* **What is expected**:
Take the line containing "Some of the text" and all lines after it to the end of the records, and output them exactly.

* **Entries supplied**:
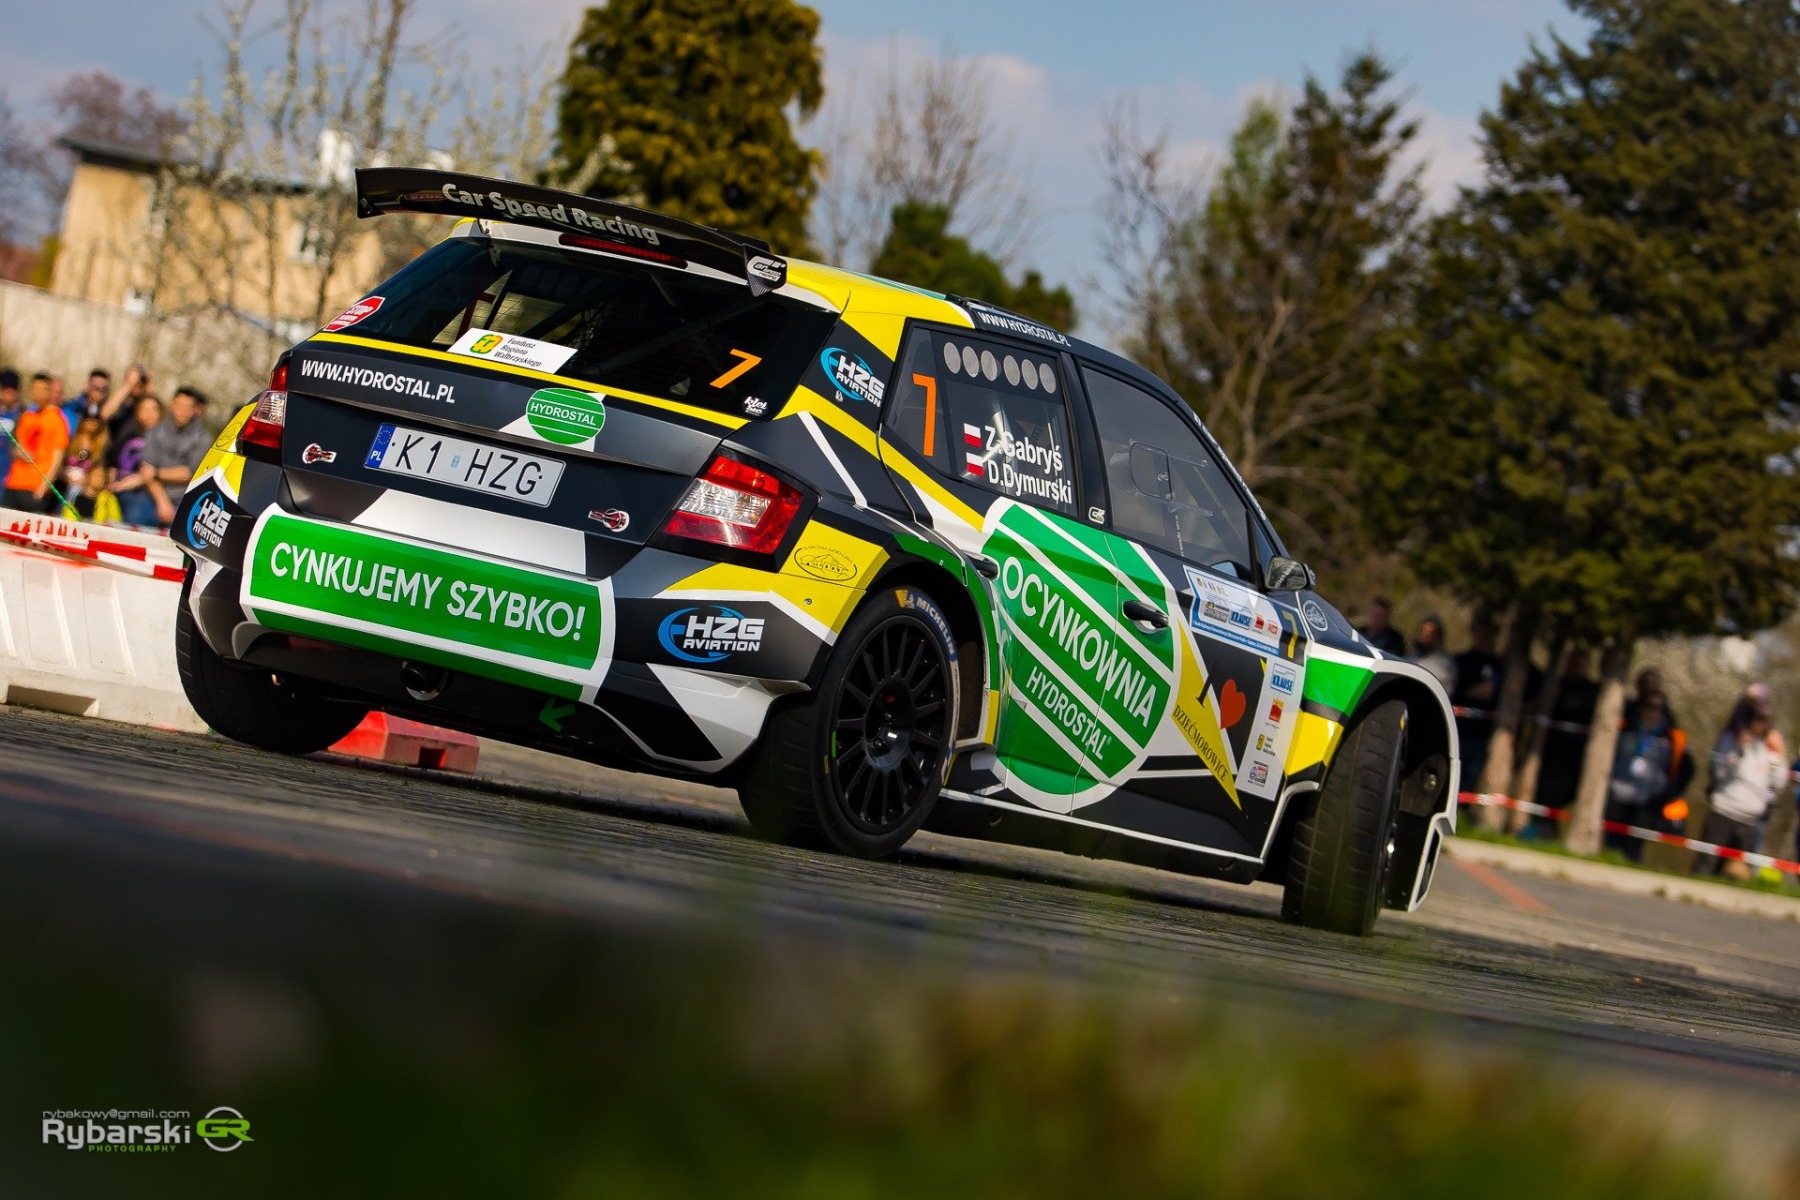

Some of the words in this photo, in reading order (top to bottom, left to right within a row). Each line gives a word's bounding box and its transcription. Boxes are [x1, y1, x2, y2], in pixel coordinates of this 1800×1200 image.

[442, 182, 484, 207] Car
[492, 192, 569, 225] Speed
[571, 207, 661, 246] Racing
[500, 344, 529, 356] Regionu
[507, 337, 536, 349] Fundusz
[301, 359, 456, 404] WWW.HYDROSTAL.PL
[709, 348, 763, 389] 7
[835, 369, 883, 408] AVIATION
[837, 354, 885, 396] HZG
[530, 402, 597, 426] HYDROSTAL
[912, 372, 937, 457] 7
[369, 450, 382, 461] PL
[395, 434, 443, 475] K1
[464, 448, 542, 496] HZG
[984, 424, 1063, 472] Z.Gabryś
[988, 458, 1073, 505] D.Dymurski
[193, 520, 223, 548] AVIATION
[199, 497, 233, 535] HZG
[269, 541, 444, 610] CYNKUJEMY
[446, 579, 587, 641] SZYBKO!
[682, 637, 761, 653] AVIATION
[684, 614, 766, 641] HZG
[916, 596, 955, 655] MICHELIN
[1001, 556, 1158, 729] OCYNKOWNIA
[1272, 674, 1294, 692] KRAUSE
[1172, 703, 1229, 782] DZIEĆMOROWICE
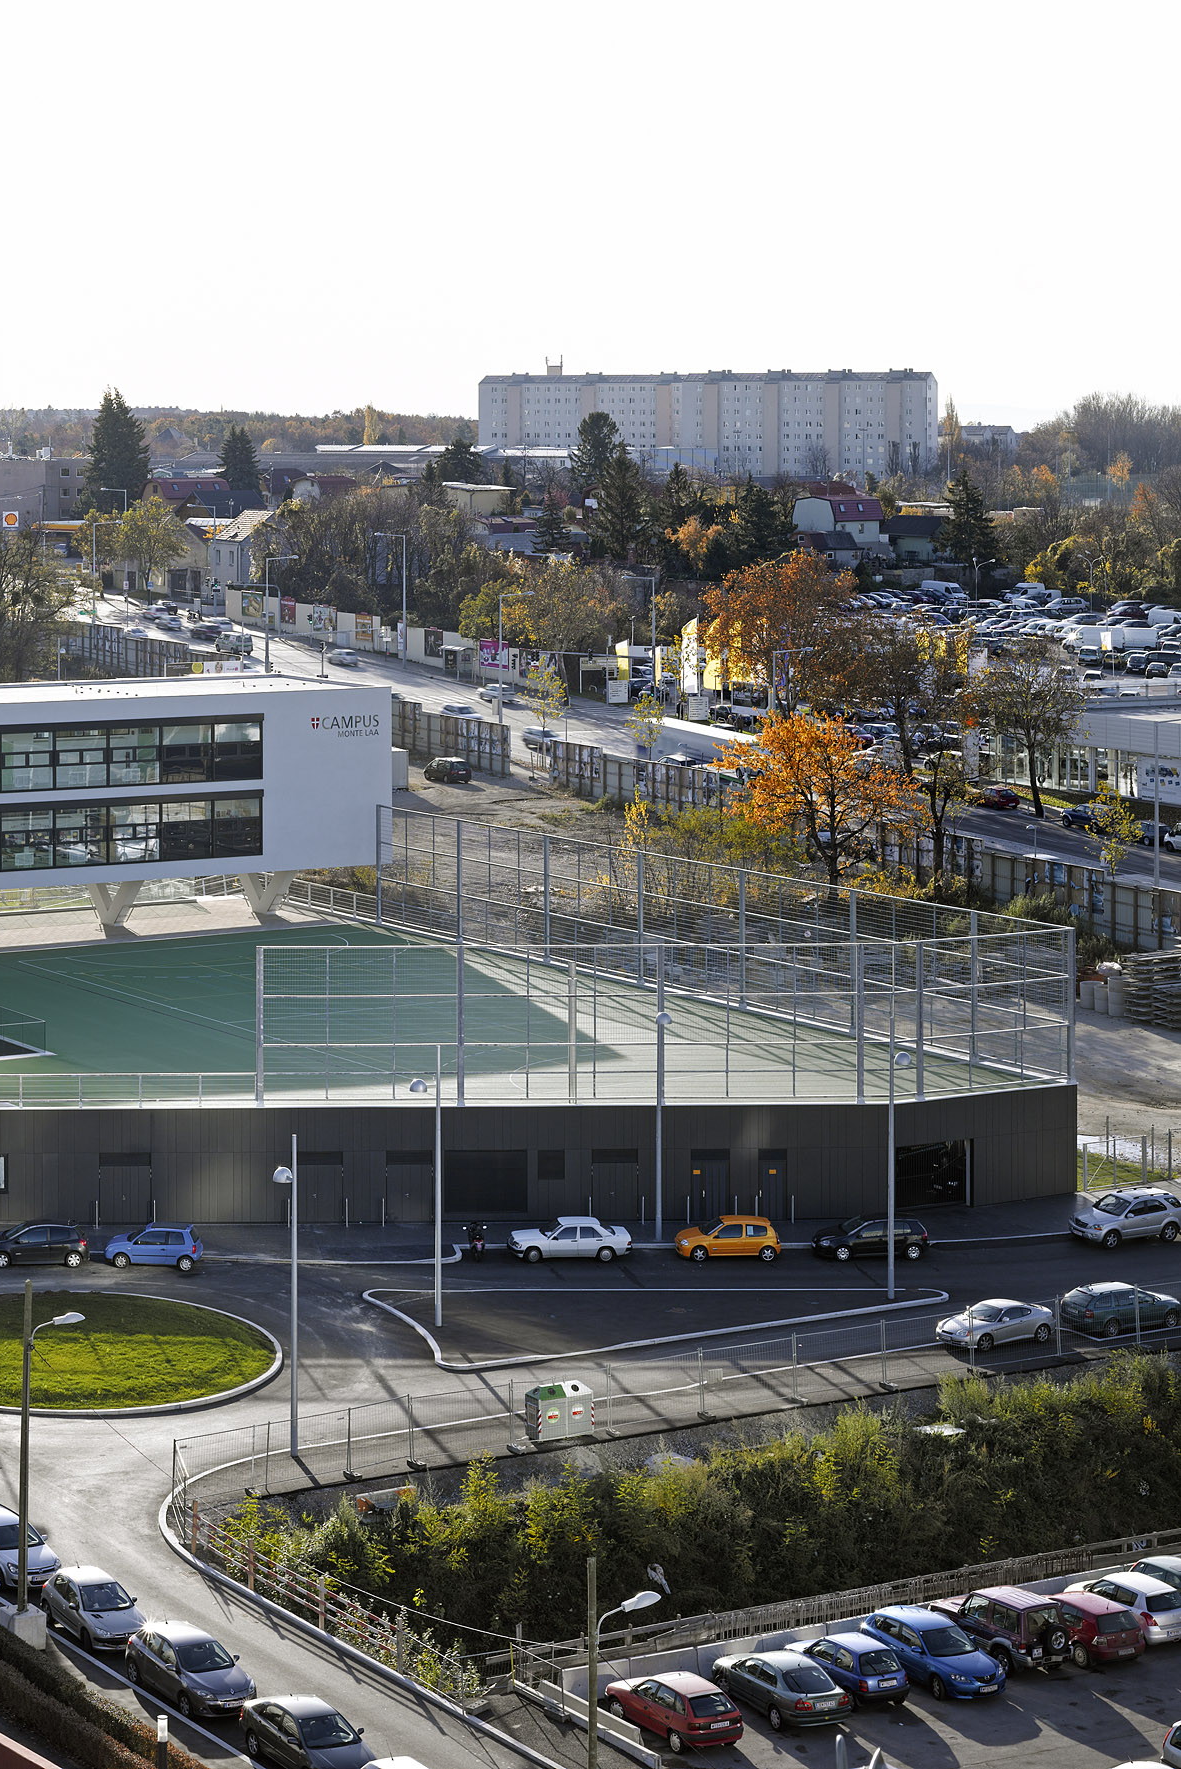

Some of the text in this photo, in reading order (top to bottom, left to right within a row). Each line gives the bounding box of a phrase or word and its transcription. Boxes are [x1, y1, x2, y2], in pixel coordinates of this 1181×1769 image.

[321, 714, 380, 730] CAMPUS
[337, 728, 380, 738] MONTE LAA

* **Result of this exercise**:
Some of the text in this photo, in reading order (top to bottom, left to right within a row). Each line gives the bounding box of a phrase or word and its transcription. Boxes are [x1, y1, x2, y2], in pixel coordinates of this 1181×1769 image.

[321, 714, 380, 730] CAMPUS
[337, 728, 380, 738] MONTE LAA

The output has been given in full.